PROBLEM STATEMENT: Give back exactly the lines from the one holding "this 1920×1081 image." to the last line of the entries, both included, and nothing more.

Stored data entries:
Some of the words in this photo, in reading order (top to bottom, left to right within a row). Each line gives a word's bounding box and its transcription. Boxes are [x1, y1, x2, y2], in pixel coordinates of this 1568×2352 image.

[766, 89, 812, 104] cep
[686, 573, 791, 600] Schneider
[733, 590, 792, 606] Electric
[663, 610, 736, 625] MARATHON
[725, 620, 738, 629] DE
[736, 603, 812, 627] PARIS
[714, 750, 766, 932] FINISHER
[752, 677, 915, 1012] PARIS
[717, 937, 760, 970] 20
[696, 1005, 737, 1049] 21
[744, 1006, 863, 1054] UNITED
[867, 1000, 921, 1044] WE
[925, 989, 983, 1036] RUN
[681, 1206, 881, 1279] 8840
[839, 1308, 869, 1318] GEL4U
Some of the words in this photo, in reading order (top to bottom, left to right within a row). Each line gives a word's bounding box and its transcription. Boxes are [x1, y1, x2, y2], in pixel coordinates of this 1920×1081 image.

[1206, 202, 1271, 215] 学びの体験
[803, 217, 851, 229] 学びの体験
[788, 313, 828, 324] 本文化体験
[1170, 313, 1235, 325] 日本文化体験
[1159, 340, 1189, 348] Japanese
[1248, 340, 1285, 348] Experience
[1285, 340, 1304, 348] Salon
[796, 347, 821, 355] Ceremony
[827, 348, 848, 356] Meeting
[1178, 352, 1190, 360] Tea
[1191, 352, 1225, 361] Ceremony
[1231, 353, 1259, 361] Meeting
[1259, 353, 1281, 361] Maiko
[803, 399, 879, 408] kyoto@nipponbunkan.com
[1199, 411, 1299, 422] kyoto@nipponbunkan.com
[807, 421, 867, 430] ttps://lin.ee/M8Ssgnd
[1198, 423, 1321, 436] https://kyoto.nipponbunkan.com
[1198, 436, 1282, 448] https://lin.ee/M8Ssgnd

TASK OUTPUT:
Some of the words in this photo, in reading order (top to bottom, left to right within a row). Each line gives a word's bounding box and its transcription. Boxes are [x1, y1, x2, y2], in pixel coordinates of this 1920×1081 image.

[1206, 202, 1271, 215] 学びの体験
[803, 217, 851, 229] 学びの体験
[788, 313, 828, 324] 本文化体験
[1170, 313, 1235, 325] 日本文化体験
[1159, 340, 1189, 348] Japanese
[1248, 340, 1285, 348] Experience
[1285, 340, 1304, 348] Salon
[796, 347, 821, 355] Ceremony
[827, 348, 848, 356] Meeting
[1178, 352, 1190, 360] Tea
[1191, 352, 1225, 361] Ceremony
[1231, 353, 1259, 361] Meeting
[1259, 353, 1281, 361] Maiko
[803, 399, 879, 408] kyoto@nipponbunkan.com
[1199, 411, 1299, 422] kyoto@nipponbunkan.com
[807, 421, 867, 430] ttps://lin.ee/M8Ssgnd
[1198, 423, 1321, 436] https://kyoto.nipponbunkan.com
[1198, 436, 1282, 448] https://lin.ee/M8Ssgnd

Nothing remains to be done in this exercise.